Documentaries you should not miss!

You can find trailers of presented films HERE.

FORTRESS / PEVNOST
Czech Republic

Director:  Klára Tasovská, Lukáš Kokeš
Producer:  Nutprodukce - Tomáš Hrubý, Pavla Kubečková
Stage of development:  post-production
Director of Photography: Lukáš Kokeš
Film length: 70 min
Estimated date of premiere: September 2012

Just a few kilometres east from the border of the European Union, right between Moldova and Ukraine, lies the Pridniestrovian Moldavian Republic /PMR/. The thin strip of land on the left bank of the Nistru river with 518 000 citizens is not recognized by any other country. On this officially non-existent territory, a professional film has never been shot. Framed by the time of presidential election, “Fortress” focuses on a couple of characters being stuck in this geo-political gap, in between the European Union and Russia, in between capitalist present and Soviet past, crime and decency, decadence and hope for change.
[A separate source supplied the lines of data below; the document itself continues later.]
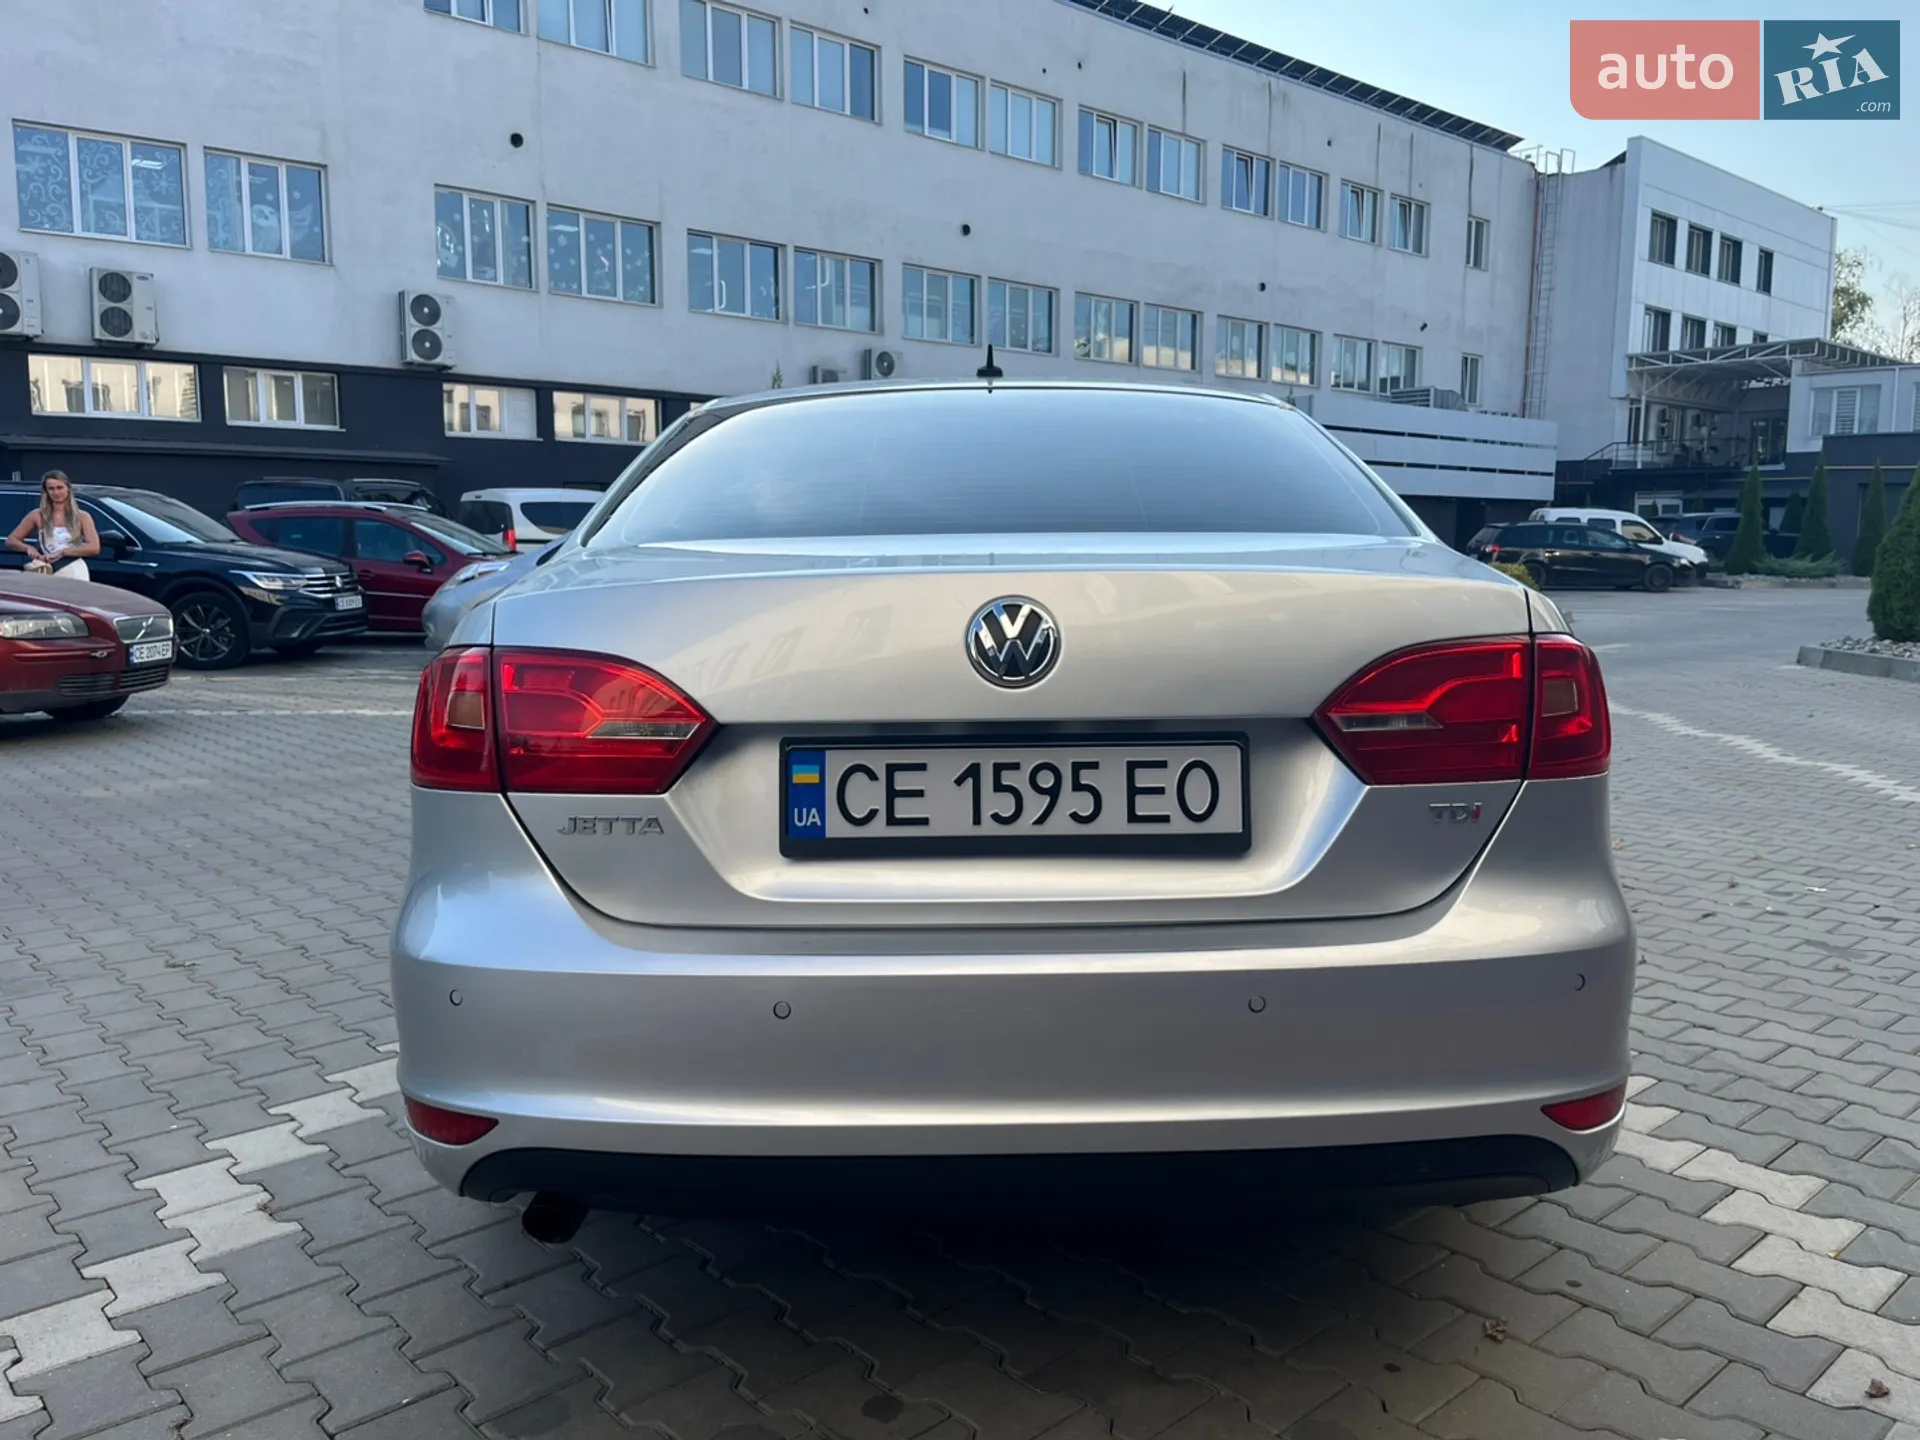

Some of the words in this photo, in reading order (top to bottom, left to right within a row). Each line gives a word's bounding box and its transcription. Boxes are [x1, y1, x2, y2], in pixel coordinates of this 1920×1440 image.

[134, 645, 145, 660] CE
[161, 642, 170, 657] EP
[836, 762, 930, 827] CE
[953, 760, 1103, 826] 1595
[1125, 758, 1220, 824] EO
[794, 807, 821, 827] UA
[1429, 802, 1482, 823] TDI
[557, 815, 665, 835] JETTA
EUGENIC MINDS  / EUGÉNIOVÉ
Czech Republic, Slovak Republic

Director: Pavel Štingl
Producer: Jiří Konečný / endorfilm, Czech Television, Punkchart Films
Stage of development:  production
Director of Photography:  Miroslav Janek
Film length: 80 min / 52 min
Estimated date of premiere: March 2013

Eugenics was once considered more ground-breaking than the invention of the wheel. It was supposed to save mankind from serious genetic loads. After World War II, the term eugenics almost disappeared from the world’s dictionaries. The science had been misused by the ideology for the selective criteria of a perfect nation. The “wrong ones” were eliminated or deprived of their rights for existence in their own space. However, it was not the politicians but the scientists who determined the criteria. The unique archive material produced by the ideology of better tomorrows will be used together with various animation techniques to create a fantastic vision of the future which had turned into mass murder. The film aspires to become a timeless reflection on the boundaries between science and pseudoscience in the present day, in the past and in the future.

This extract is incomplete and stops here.